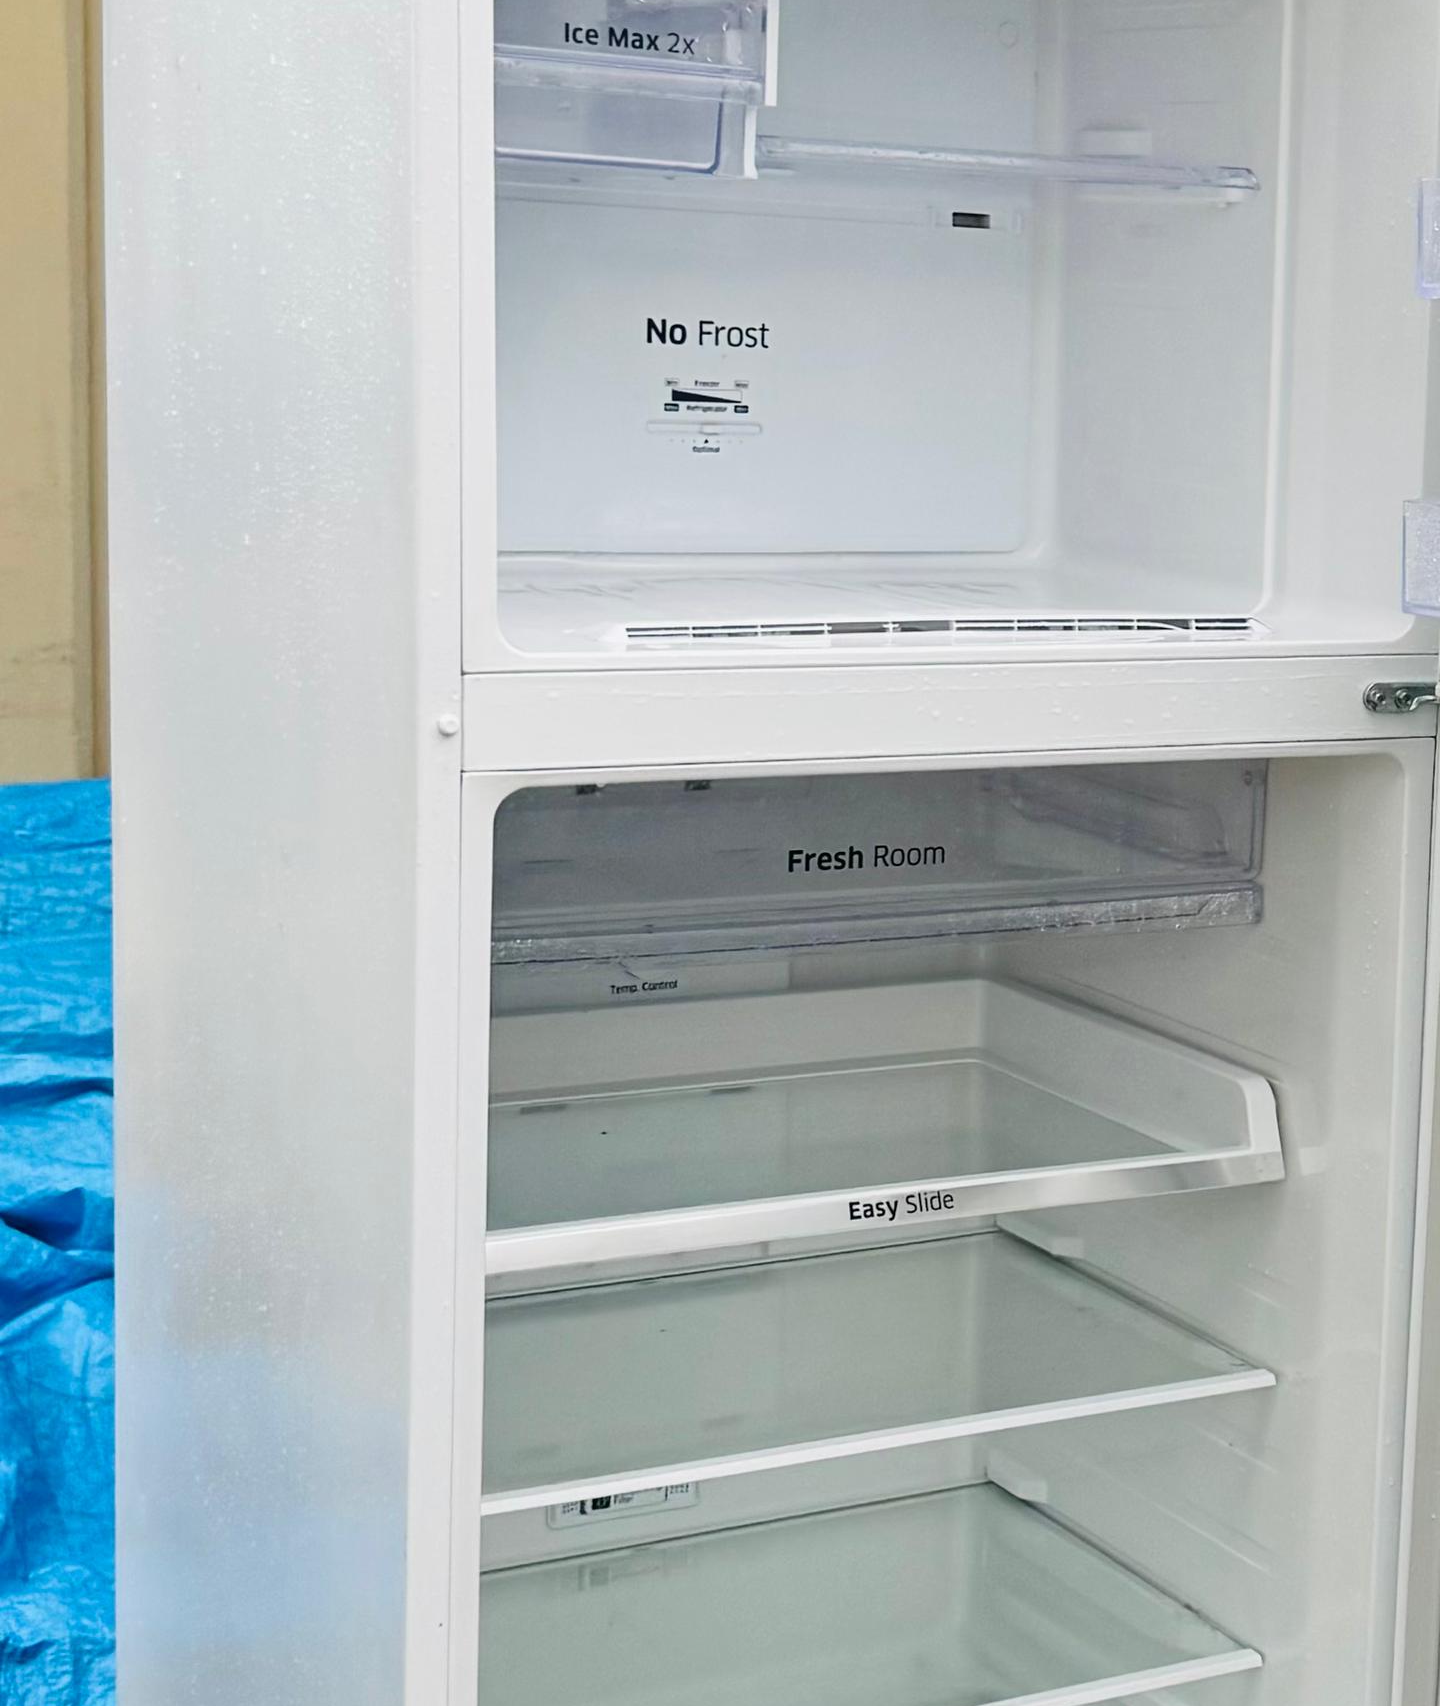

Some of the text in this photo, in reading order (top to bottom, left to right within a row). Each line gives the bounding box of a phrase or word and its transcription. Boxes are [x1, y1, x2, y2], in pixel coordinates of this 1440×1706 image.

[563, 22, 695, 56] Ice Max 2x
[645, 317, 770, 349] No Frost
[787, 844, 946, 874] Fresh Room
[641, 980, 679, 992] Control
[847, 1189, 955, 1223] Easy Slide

.....

Reproduce every record word for word. The copy must contain no pictures.

Some of the text in this photo, in reading order (top to bottom, left to right within a row). Each line gives the bounding box of a phrase or word and its transcription. Boxes are [x1, y1, x2, y2], in pixel coordinates of this 1440×1706 image.

[563, 22, 695, 56] Ice Max 2x
[645, 317, 770, 349] No Frost
[787, 844, 946, 874] Fresh Room
[641, 980, 679, 992] Control
[847, 1189, 955, 1223] Easy Slide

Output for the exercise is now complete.